First I want to thank all of the women who have shared their story on here and the really brave women who have posted their pictures. It has been so helpful that I feel like I should return the favor. Since I was 16 I have wanted to have a BA. Like many other women I waited and waited for my breasts to fill in and that just never happened. After two children (ages 9 & 5) and breastfeeding, what little boobs I had now sag. I am only 27 and I feel like my boobs do not portray that age. I am 5'4 and 120 lbs. I also live a very active lifestyle. I work out 6-7 times a week.
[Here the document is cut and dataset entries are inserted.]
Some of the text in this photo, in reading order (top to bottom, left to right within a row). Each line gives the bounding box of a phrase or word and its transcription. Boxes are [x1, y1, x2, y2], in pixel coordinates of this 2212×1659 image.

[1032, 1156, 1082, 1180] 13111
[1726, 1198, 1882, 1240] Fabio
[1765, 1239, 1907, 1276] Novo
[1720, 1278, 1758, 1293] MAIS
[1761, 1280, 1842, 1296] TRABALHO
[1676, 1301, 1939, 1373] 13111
So my husband moved us to Europe for his job 6 months ago. He told me that if a BA is something I was serious about that now would be a good time. I agree because I feel like getting it done over here I won't have to see everyone everyday and go from no boobs to big boobs over night. I know that this is something I've always wanted but it is REALLY scary to actually go through with it. I wish I had the personality where I could just make decisions and never look back with no regrets. I really worry about my daughter as well and telling her to love herself for who she is and then I had plastic surgery. It's just a lot to consider. I also worry too much about what others think. At the end of the day the only thing that matters is how I feel and how my husband feels about it.
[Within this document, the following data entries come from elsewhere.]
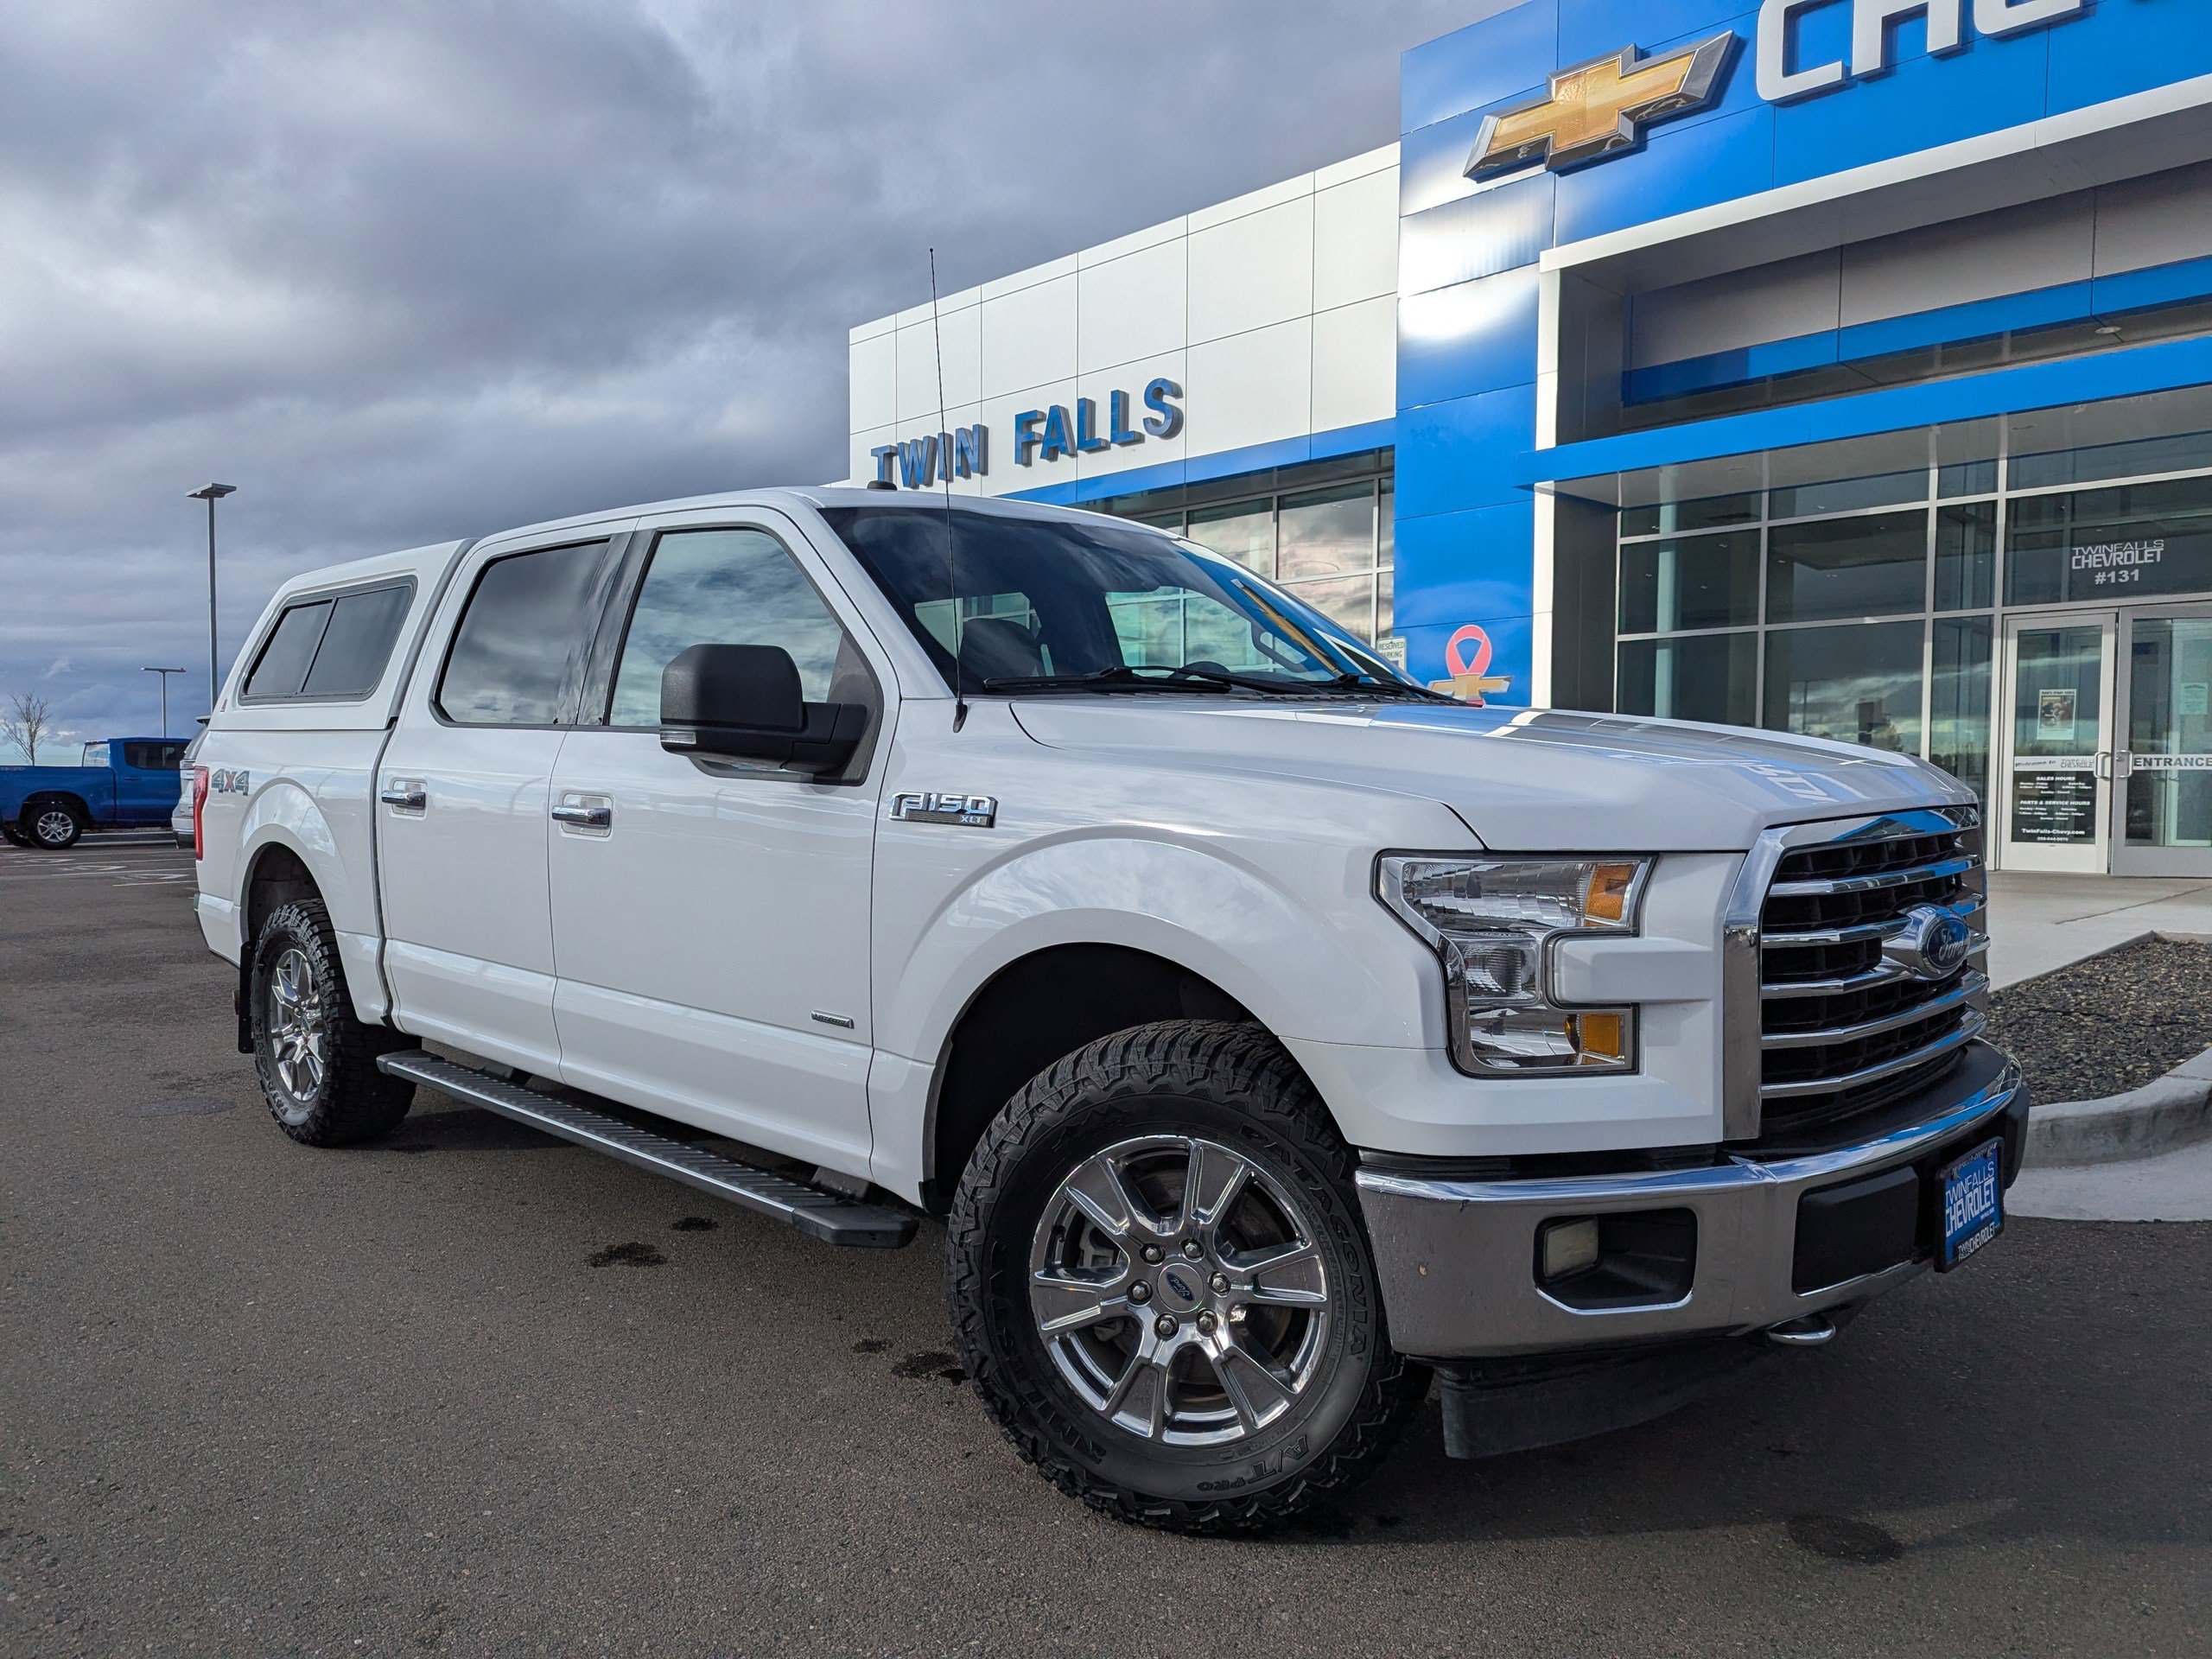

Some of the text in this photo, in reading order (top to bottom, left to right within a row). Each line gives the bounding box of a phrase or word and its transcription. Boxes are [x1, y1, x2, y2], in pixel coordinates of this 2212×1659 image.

[871, 378, 1184, 489] TWIN FALLS
[2073, 539, 2164, 556] TWINFALLS
[2071, 548, 2164, 569] CHEVROLET
[2095, 569, 2139, 585] #131
[1379, 641, 1405, 650] RESERVED
[2133, 757, 2212, 767] ENTRANCE
[211, 768, 250, 796] 4X4
[961, 816, 982, 824] XLT
[1938, 927, 1966, 962] Ford
[1945, 1160, 1995, 1208] TWINFALLS
[1945, 1177, 1996, 1238] CHEVROLET
[1171, 1277, 1191, 1297] Ford
My husband and I do not want a big fake look at all! I am a 34B in a Victoria Secret bra. I've been to two consultations and I liked the 2nd surgeon the best. However, like many stories I've read on here they both said different things and I am feeling confused. The first surgeon suggested Mentor silicone, inframmary incision, over the muscle, 250-300 ccs. The 2nd (the one I liked) suggests Mentor silicone, inframmary incision, under the muscle, 350-400ccs. 400ccs just sounds way too big to me. I will have my husband take pics of front/side view and post them soon.

Not much has changed. I've pretty much decided...

Not much has changed. I've pretty much decided that I want to go with the second doctor. My husband and I were thinking of scheduling sometime in February. I wanted to wait until after the holidays because we are going back home and I don't want that to be the focus of our visit when we haven't seen everyone in so long. It seems so far away and still not quite real.

I can't decide what size I want. I will be really upset if they are too big. I just worry that if I go too small they won't fill out nicely. Is 275, 300, 325 that big of a difference? Looking at before and after photos just makes everything so much more confusing.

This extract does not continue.